David R. Gillum^1*Rebecca Moritz²

• ¹University of Nevada, Reno, Reno, United States
• ²Tutela Strategies, LLC, Reno, United States

Introduction U.S. biosecurity policy has shifted from organism-level controls to sequence-level governance of synthetic nucleic acids in response to genome synthesis risks, AI-assisted design, and globalized DNA/RNA manufacturing. While intended to strengthen safety, this shift risks overburdening under-resourced institutions and creating oversight that looks thorough but adds little protection. This study examines the widening "implementation gap" between policy ambition and operational capacity. Methods Drawing on practitioner experience and current literature, we analyzed policy frameworks, institutional practices, and case examples to identify structural challenges in sequence-level oversight.

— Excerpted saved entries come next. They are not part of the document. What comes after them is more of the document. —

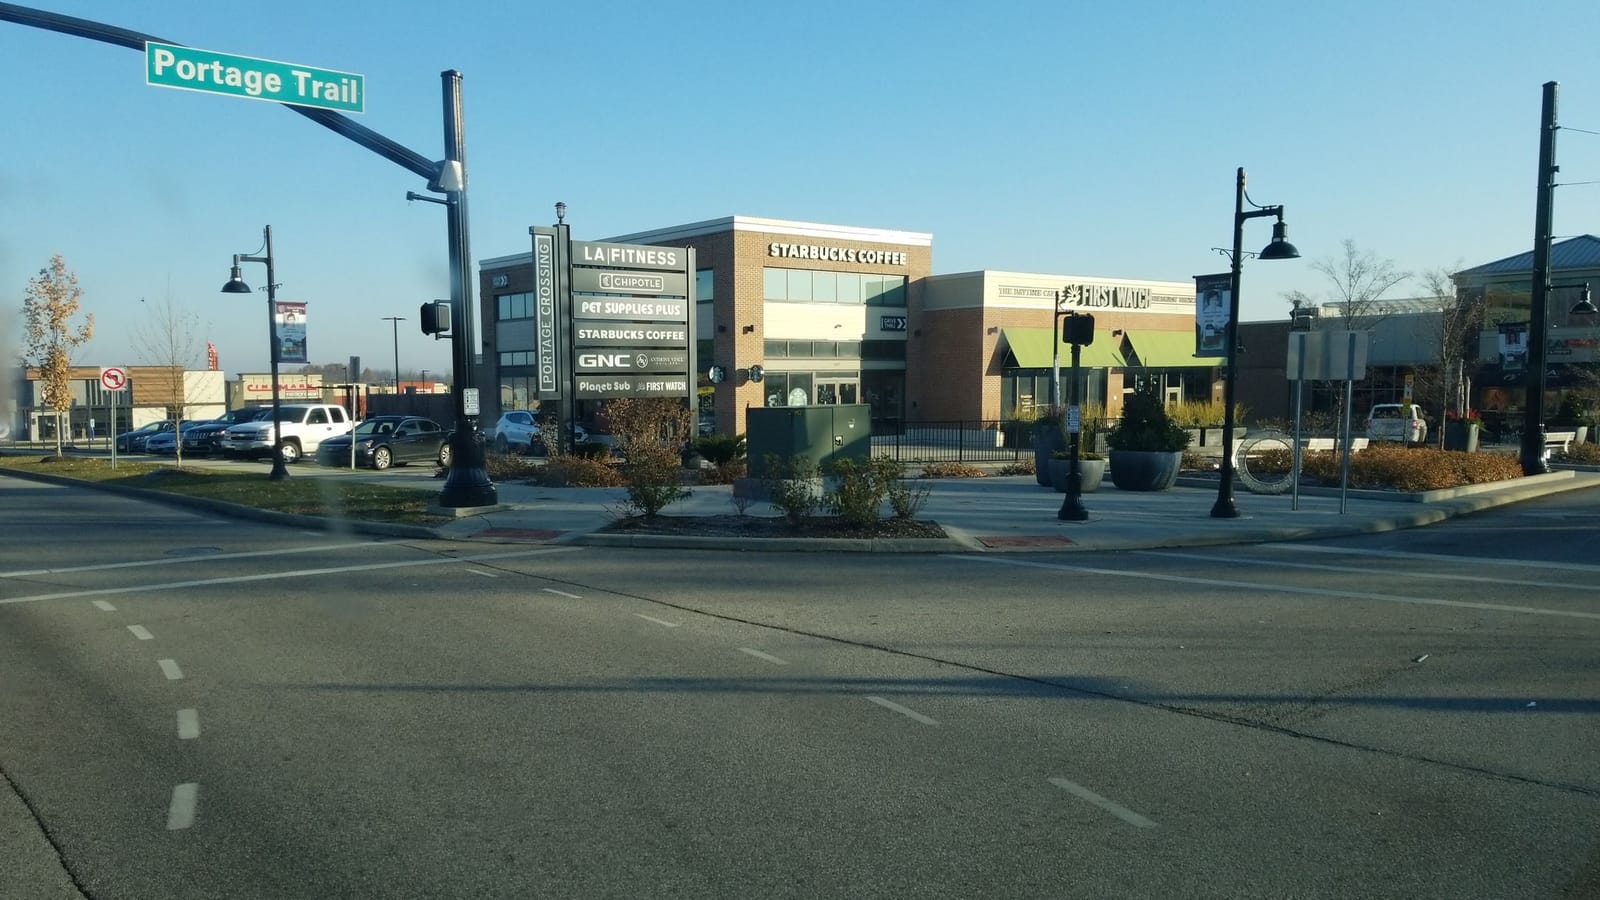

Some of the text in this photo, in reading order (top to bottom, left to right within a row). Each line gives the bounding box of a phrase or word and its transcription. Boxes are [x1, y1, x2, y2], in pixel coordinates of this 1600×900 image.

[154, 48, 357, 104] Portage Trail
[584, 246, 677, 266] LA FITNESS
[769, 242, 907, 266] STARBUCKS COFFEE
[614, 278, 661, 288] CHIPOTLE
[1080, 284, 1152, 309] FIRST WATCH
[539, 243, 553, 384] PORTAGE CROSSING
[581, 301, 681, 316] PET SUPPLIES PLUS
[578, 329, 685, 341] STARBUCKS COFFEE
[578, 354, 631, 368] GNC
[247, 384, 317, 392] CINMARK
[579, 381, 631, 393] Planet Sub
[646, 381, 687, 391] FIRST WATCH
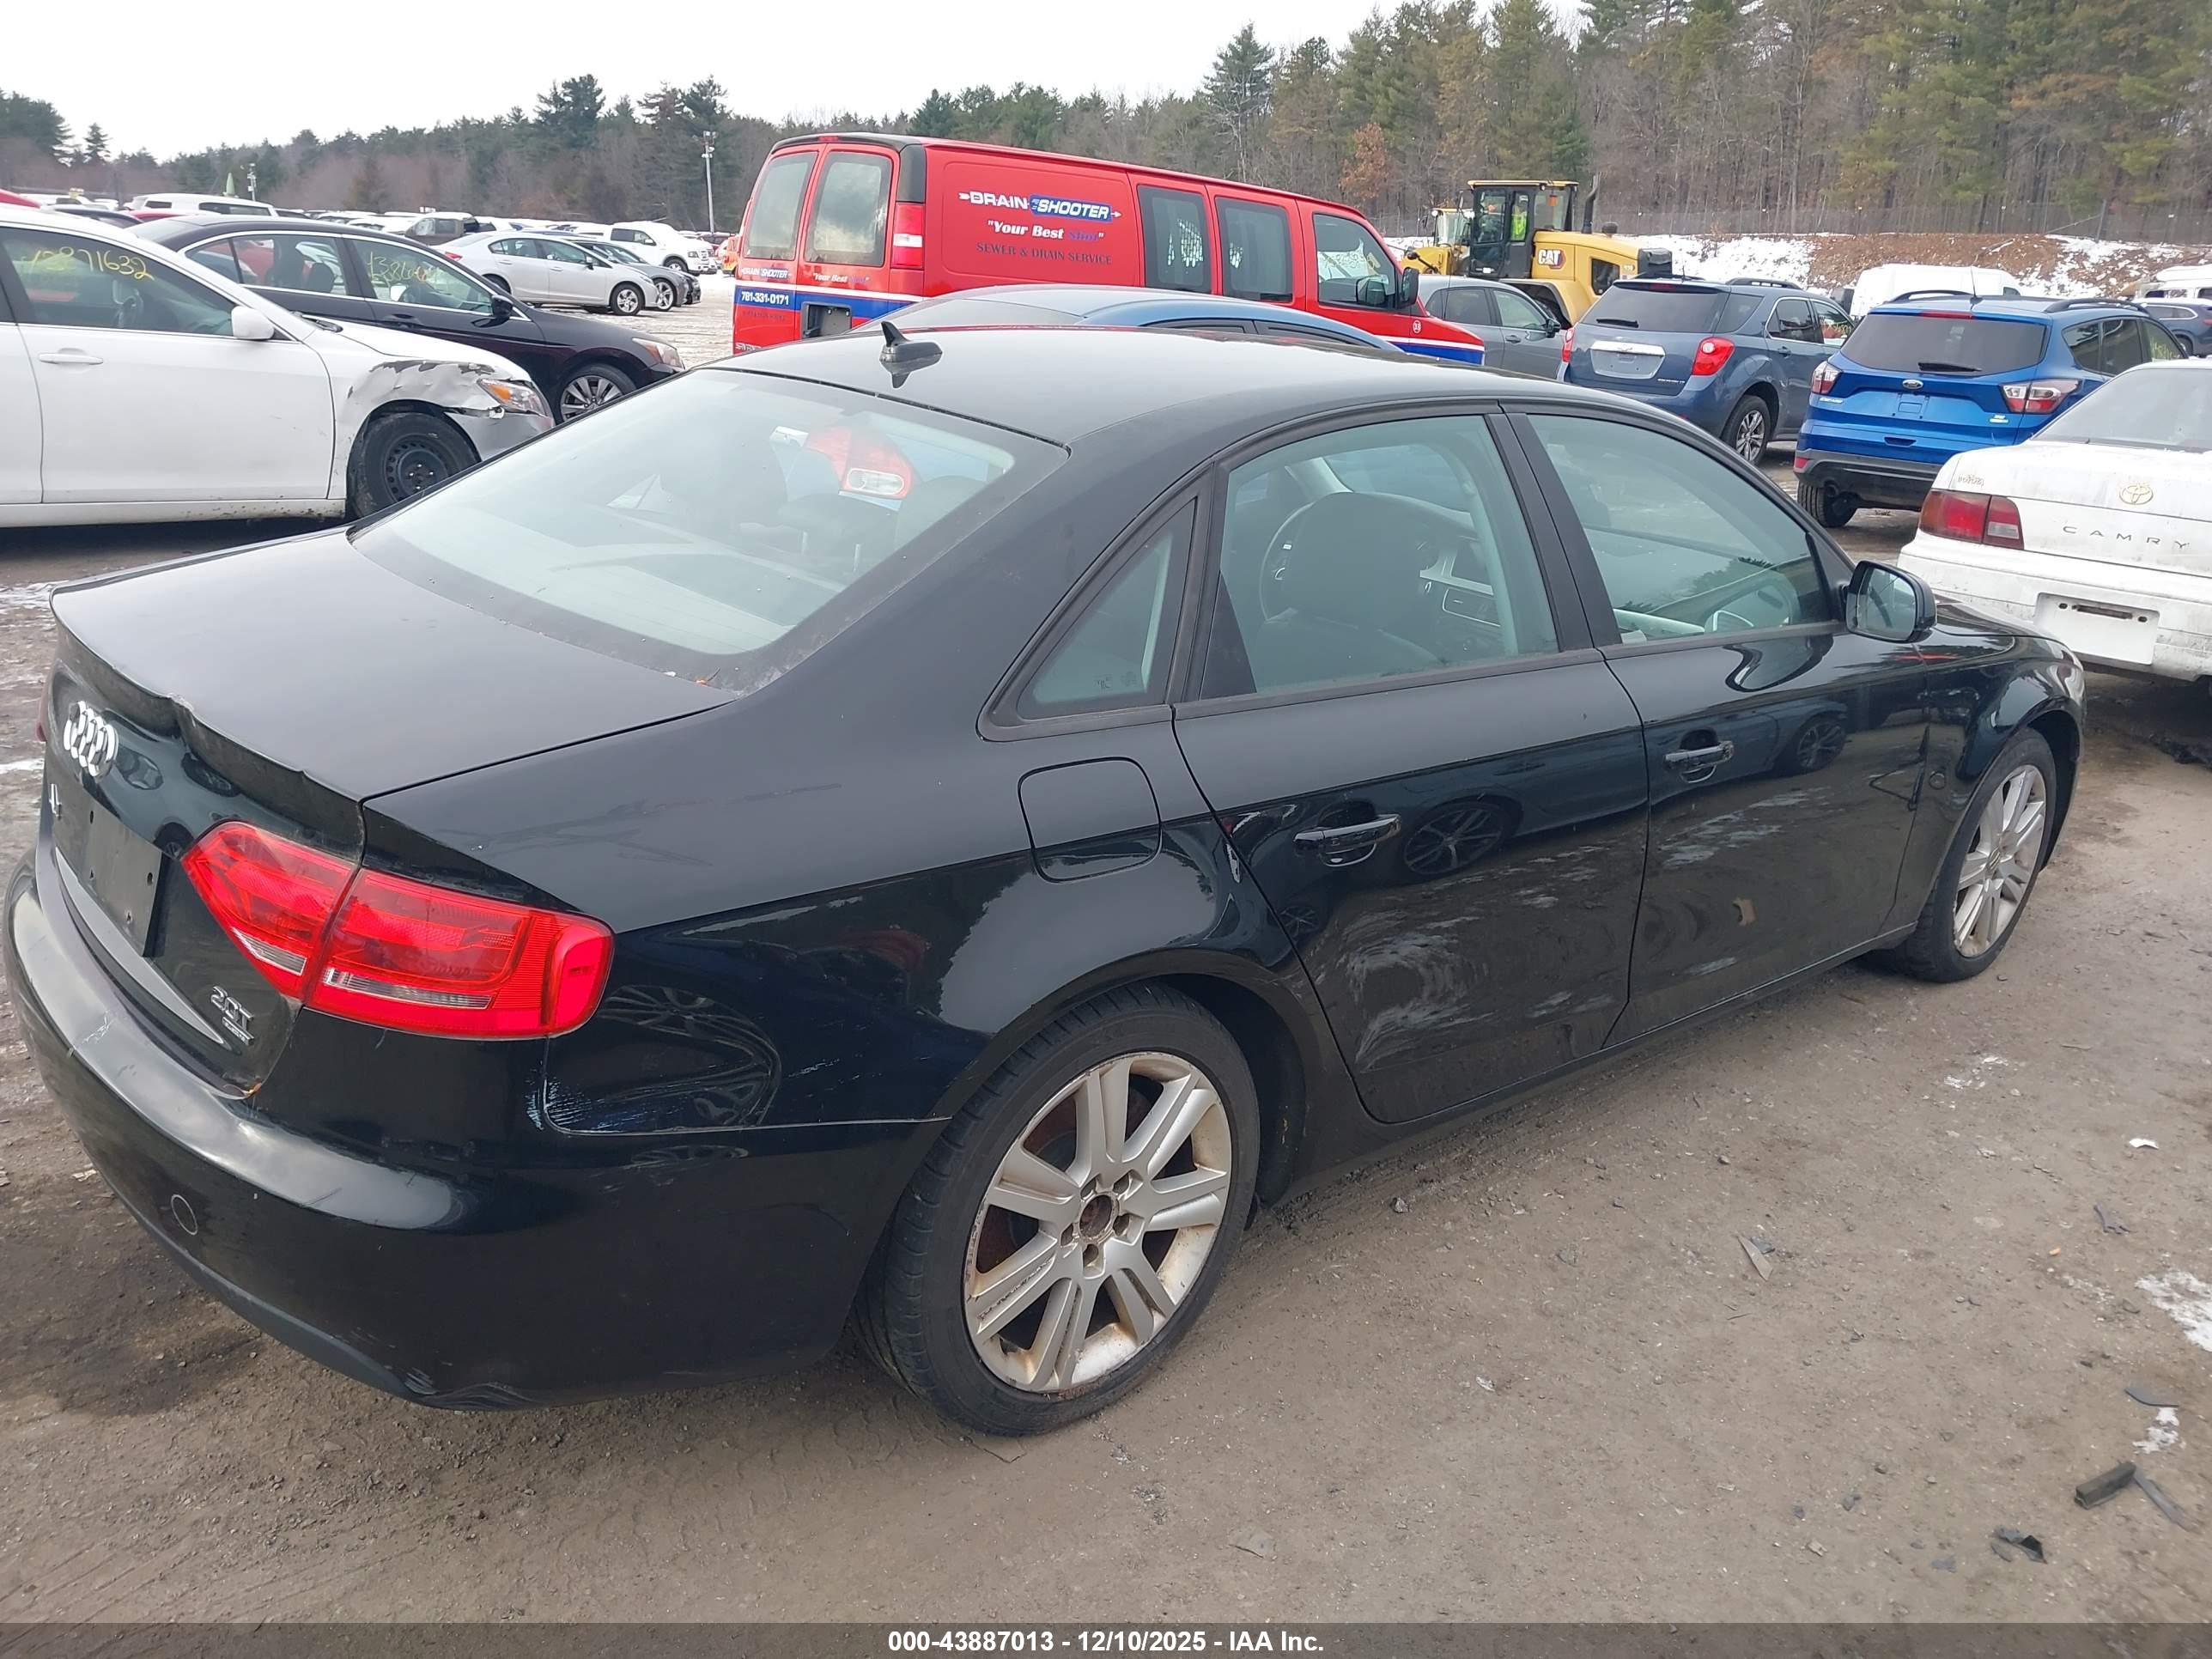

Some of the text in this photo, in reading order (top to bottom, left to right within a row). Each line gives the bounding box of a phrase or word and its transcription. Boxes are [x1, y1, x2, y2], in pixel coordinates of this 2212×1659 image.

[969, 191, 1109, 219] DRAIN SHOOTER
[988, 219, 1029, 236] "Your
[1031, 224, 1065, 240] Best
[975, 241, 1113, 265] SEWER & DRAIN SERVICE
[1538, 248, 1562, 266] CAT
[761, 267, 789, 280] SHOOTER
[831, 274, 848, 283] Best
[741, 290, 790, 306] 781-331-0171
[2062, 525, 2191, 550] CAMRY
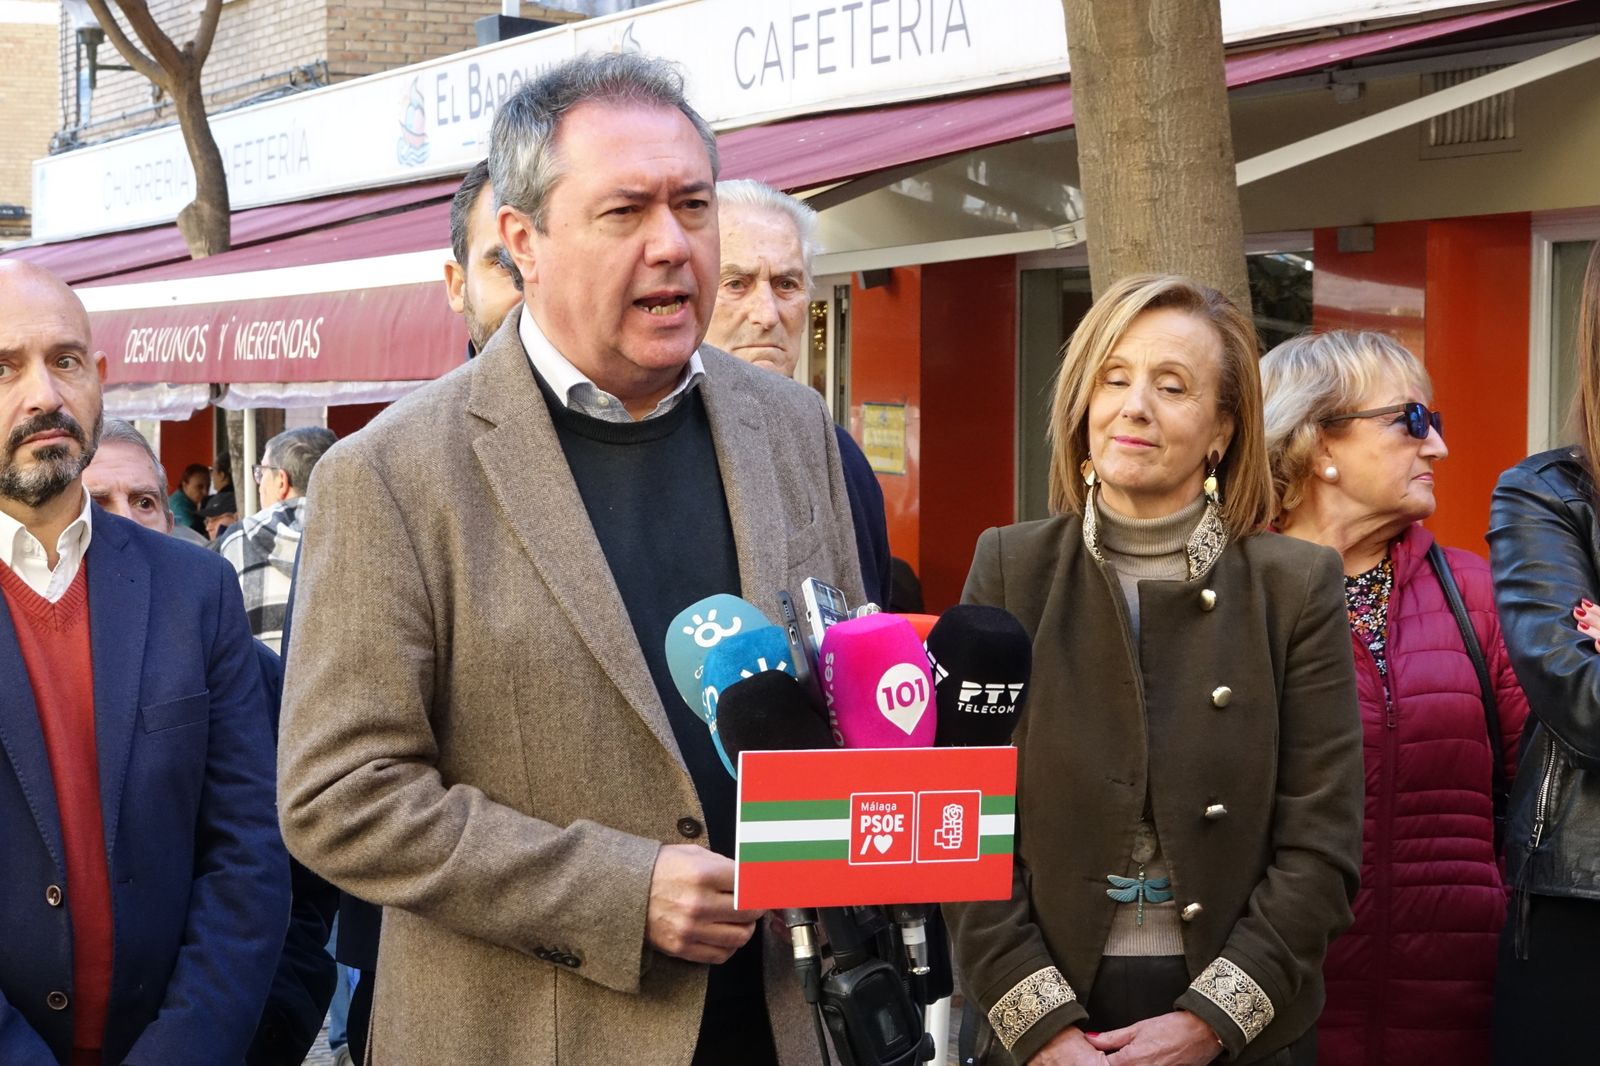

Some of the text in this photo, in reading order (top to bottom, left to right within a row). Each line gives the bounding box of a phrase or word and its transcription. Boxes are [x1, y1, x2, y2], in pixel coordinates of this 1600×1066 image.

Particular attention was given to how definitions, regulatory triggers, and institutional resources interact in practice, creating gaps between intent and capacity. This mixed approach captured oversight design and implementation realities across diverse settings. Results We found three core obstacles: ambiguous definitions of sequences of concern, fragmented and overlapping regulatory triggers, and underdeveloped screening and review capacity. Ambiguity generates uncertainty about what to flag, while fragmented rules add redundancies without clarifying responsibility. Limited resources further constrain oversight. These weaknesses produce overinclusive surveillance, inconsistent screening, unmanaged legacy inventories, and a lack of shared reference tools—straining resources without proportional security benefits. Discussion Aligning oversight with capacity is essential to avoid brittle systems with limited benefit. We propose seven reforms: functional risk tiering, federal investment in biosafety infrastructure, pilots and real-world testing, institutional certification, adaptive governance, pragmatic global harmonization, and coupling screening with operational safeguards. Embedding implementer perspectives and calibrating oversight to realistic capacities will help ensure credible, resilient, and effective biosecurity in the synthetic nucleic acid era.